### [WHAT YOU HAVE TO DO]
Go to the line containing "this 1904×1428 image." below; retype it and all following lines exactly, and leave out the pictures.

[Records contained in a dataset]
-=-=-
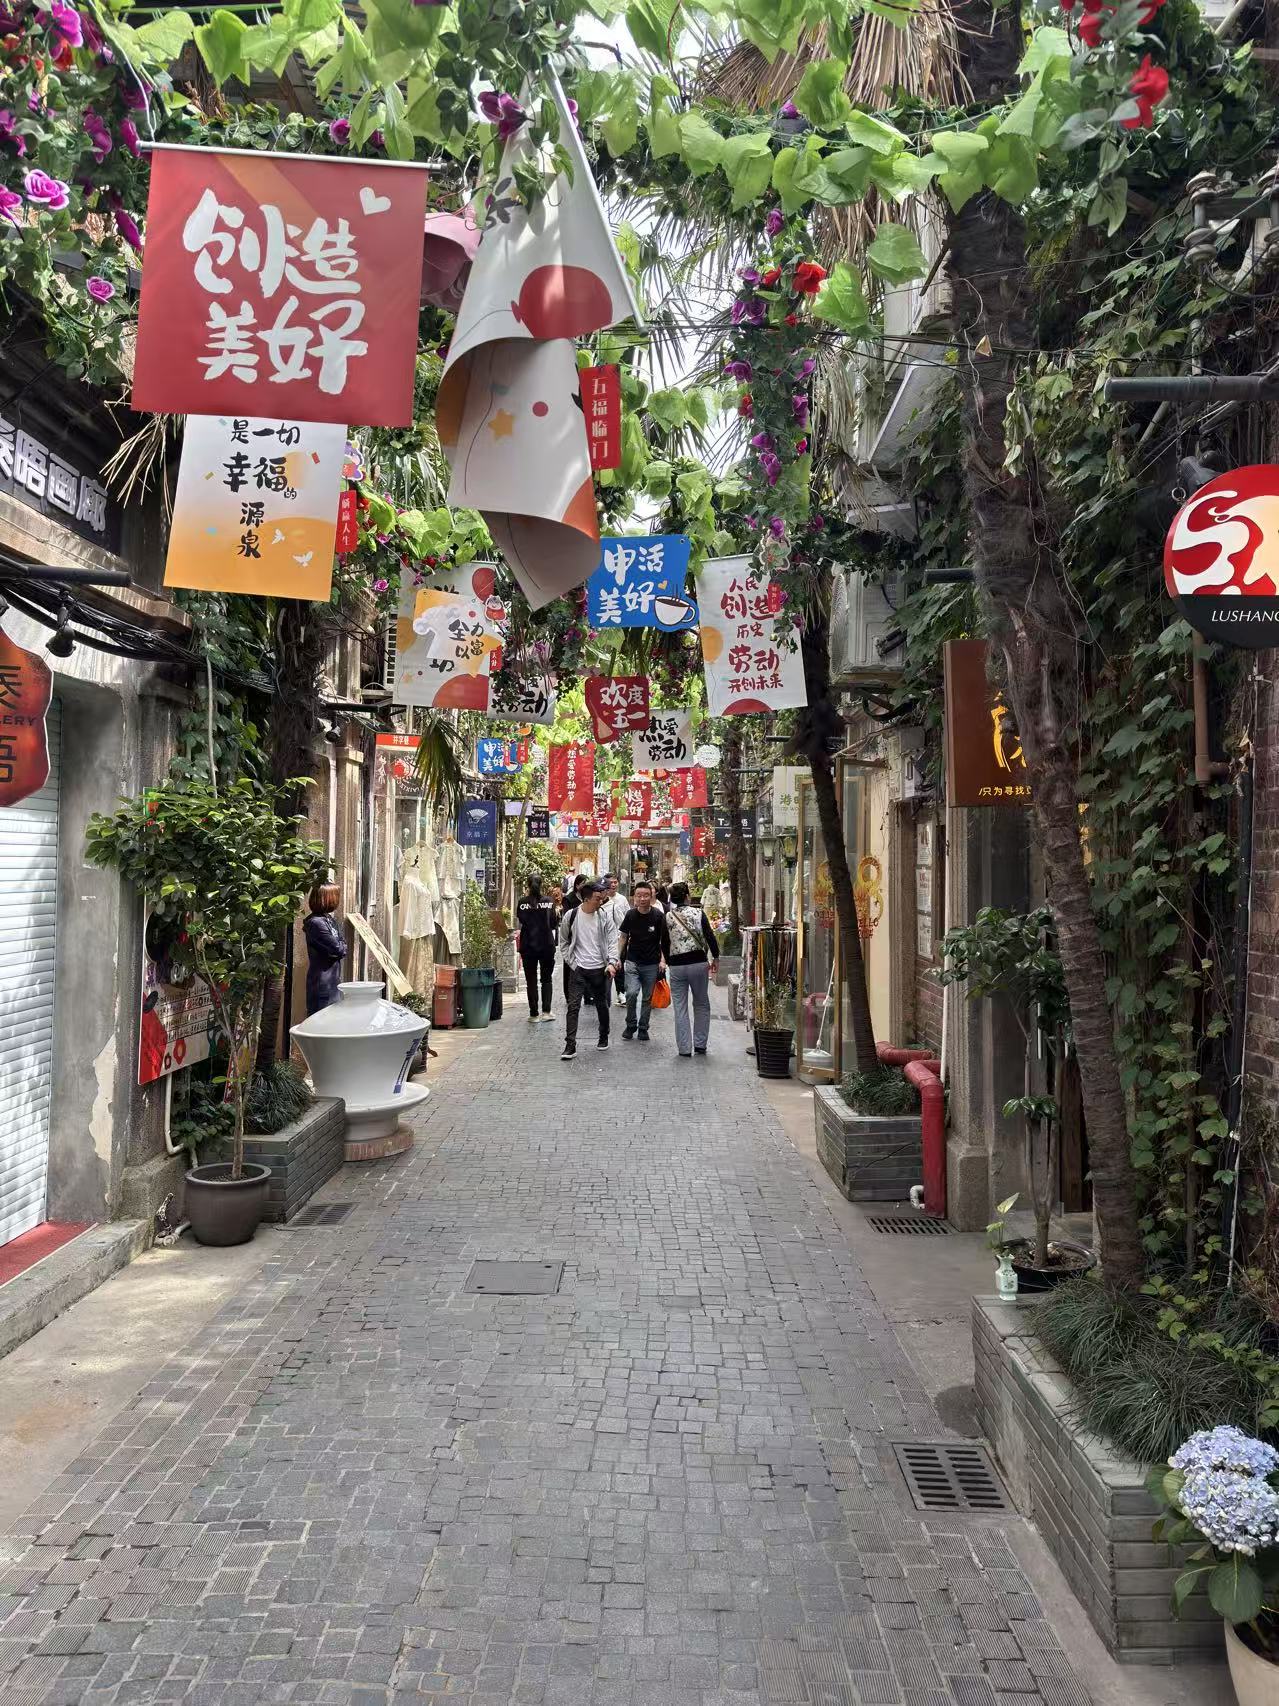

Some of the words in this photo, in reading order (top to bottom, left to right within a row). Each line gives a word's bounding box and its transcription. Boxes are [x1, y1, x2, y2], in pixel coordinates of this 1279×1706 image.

[182, 188, 362, 299] 创造
[197, 295, 369, 395] 美好
[230, 418, 301, 447] 是一切
[592, 376, 608, 460] 五福临门
[222, 452, 297, 499] 幸福的
[237, 501, 265, 559] 源泉
[604, 543, 665, 586] 申活
[729, 576, 759, 593] 人民
[596, 581, 656, 624] 美好
[720, 590, 775, 621] 创造
[448, 618, 484, 641] 全力
[736, 621, 765, 639] 历史
[728, 644, 780, 674] 劳动
[600, 679, 645, 708] 欢度
[728, 673, 784, 694] 开创未来
[0, 714, 35, 725] ERY
[611, 708, 646, 729] 五一
[639, 716, 679, 743] 热爱
[649, 738, 687, 761] 劳动
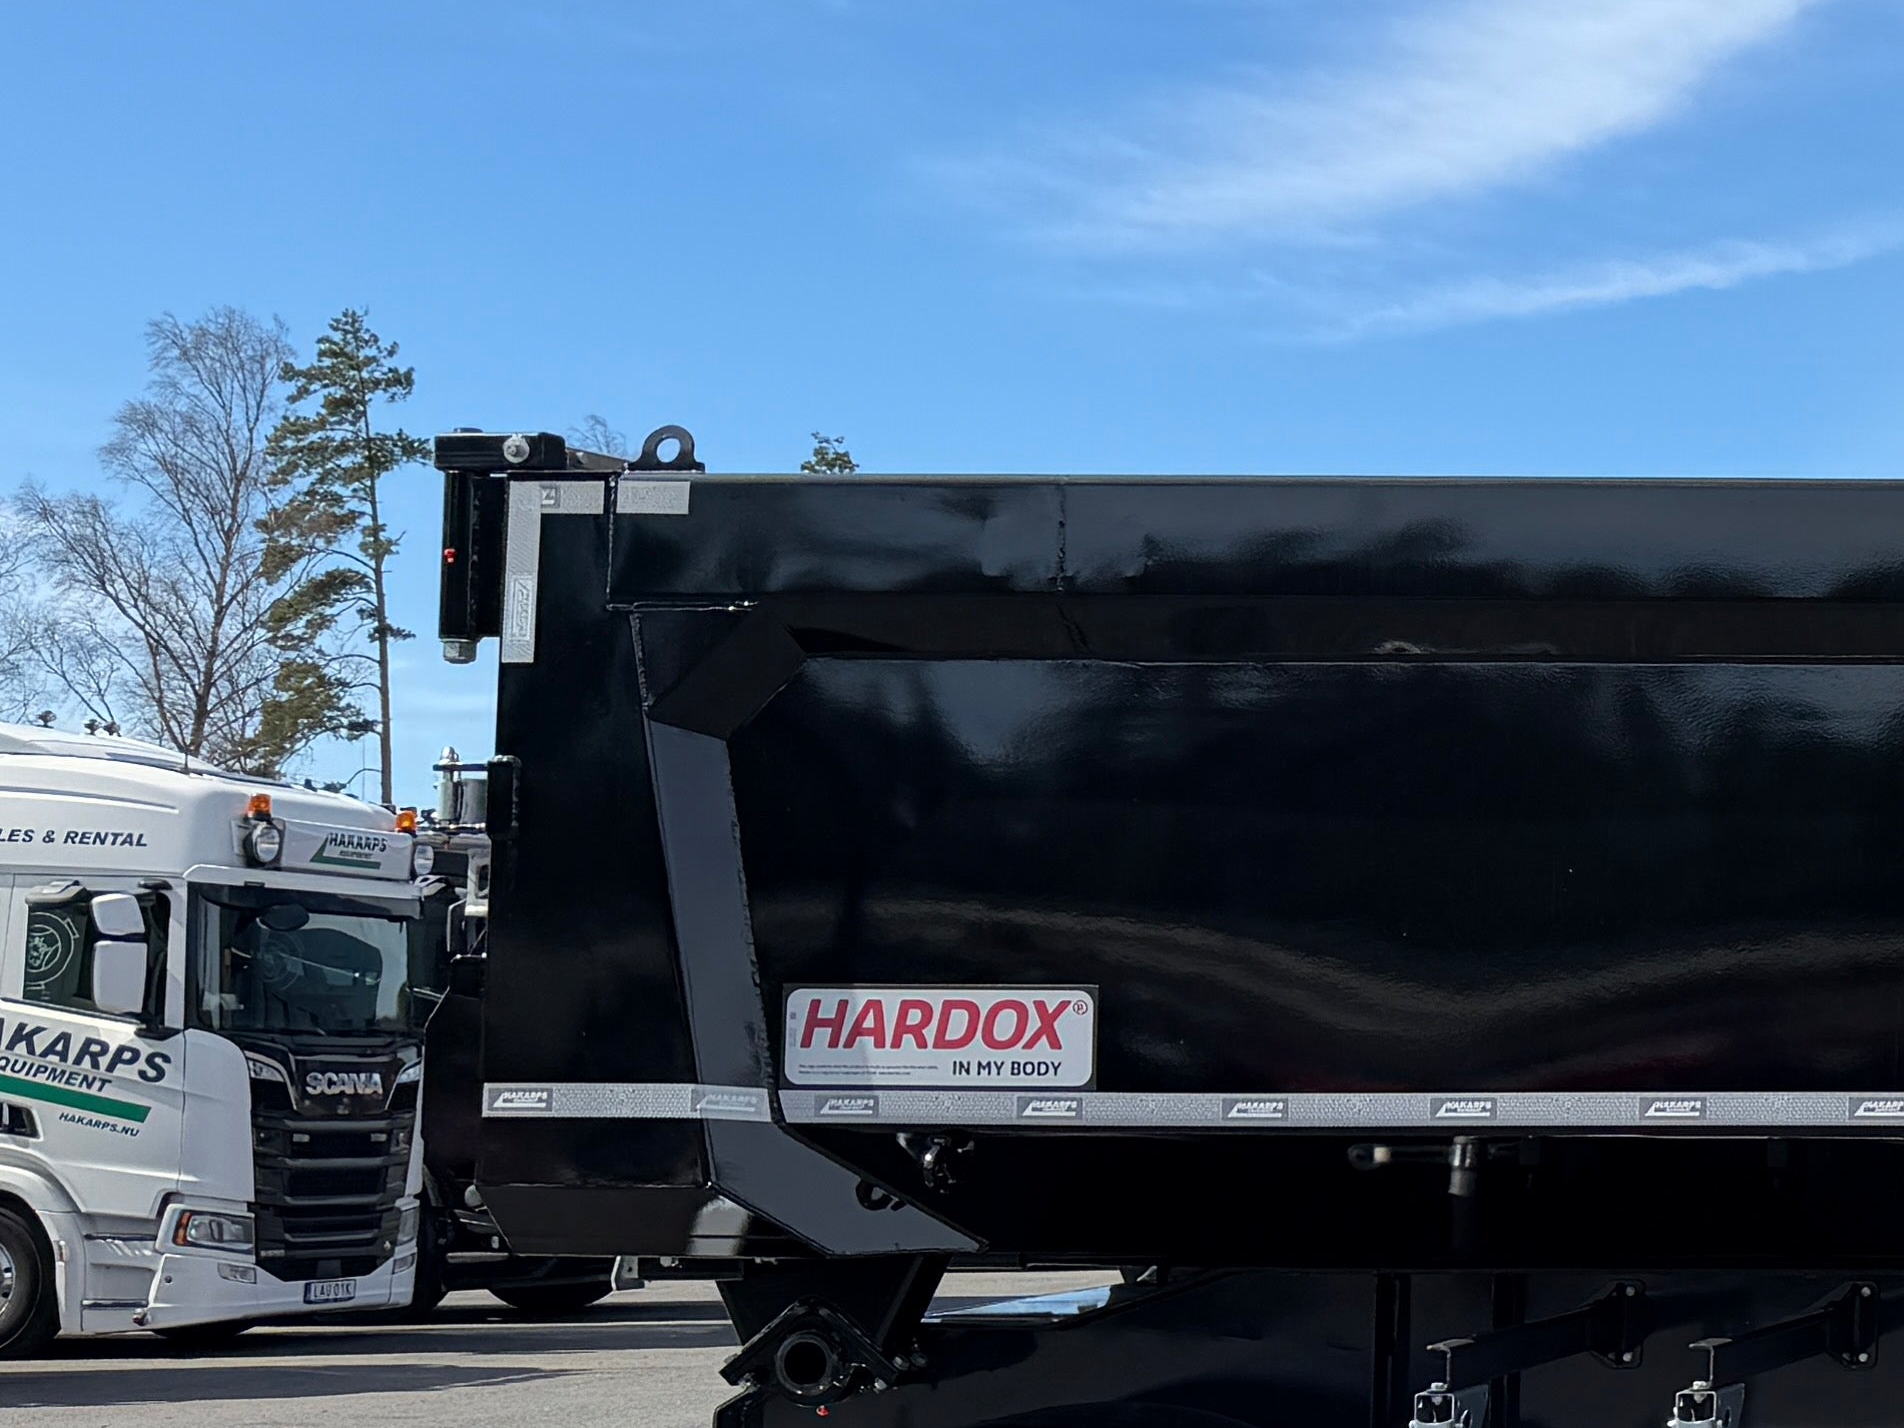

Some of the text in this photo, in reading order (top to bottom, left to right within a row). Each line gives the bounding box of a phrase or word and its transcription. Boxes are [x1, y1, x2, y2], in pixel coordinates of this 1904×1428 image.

[42, 830, 55, 843] &
[63, 831, 148, 847] RENTAL
[0, 1018, 172, 1083] KARPS
[952, 1060, 970, 1076] IN
[977, 1061, 1004, 1076] MY
[1010, 1061, 1062, 1077] BODY
[305, 1072, 383, 1095] SCANIA
[59, 1112, 140, 1137] HAKARPS.NU
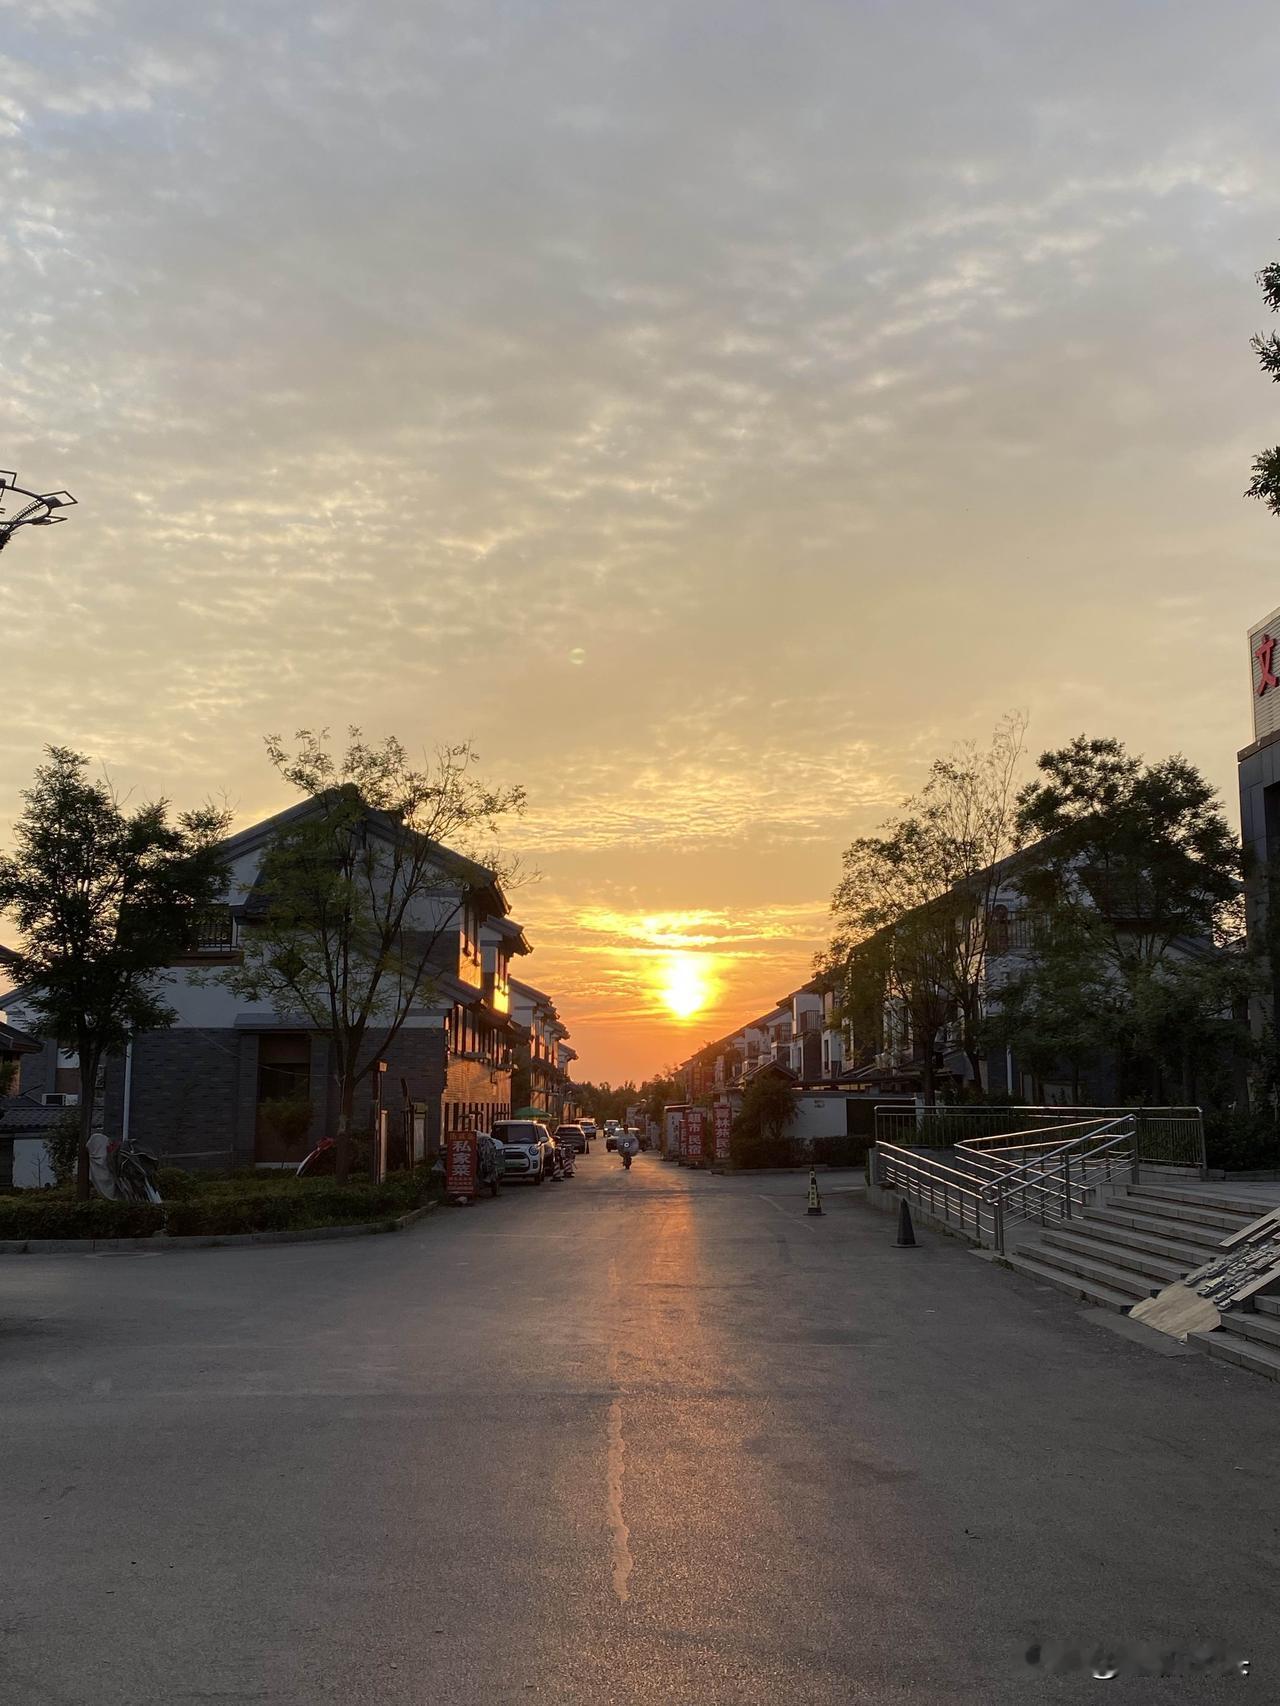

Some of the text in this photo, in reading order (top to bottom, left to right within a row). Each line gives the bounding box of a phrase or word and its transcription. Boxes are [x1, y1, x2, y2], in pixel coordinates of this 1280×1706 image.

[1254, 633, 1277, 697] 文
[687, 1113, 702, 1154] 超市民宿
[451, 1140, 472, 1176] 私家菜
-=-=-
### [ANSWER FOR THIS EXERCISE]
Some of the text in this photo, in reading order (top to bottom, left to right within a row). Each line gives the bounding box of a phrase or word and its transcription. Boxes are [x1, y1, x2, y2], in pixel coordinates of this 1904×1428 image.

[42, 830, 55, 843] &
[63, 831, 148, 847] RENTAL
[0, 1018, 172, 1083] KARPS
[952, 1060, 970, 1076] IN
[977, 1061, 1004, 1076] MY
[1010, 1061, 1062, 1077] BODY
[305, 1072, 383, 1095] SCANIA
[59, 1112, 140, 1137] HAKARPS.NU

Some of the text in this photo, in reading order (top to bottom, left to right within a row). Each line gives the bounding box of a phrase or word and its transcription. Boxes are [x1, y1, x2, y2], in pixel coordinates of this 1280×1706 image.

[1254, 633, 1277, 697] 文
[687, 1113, 702, 1154] 超市民宿
[451, 1140, 472, 1176] 私家菜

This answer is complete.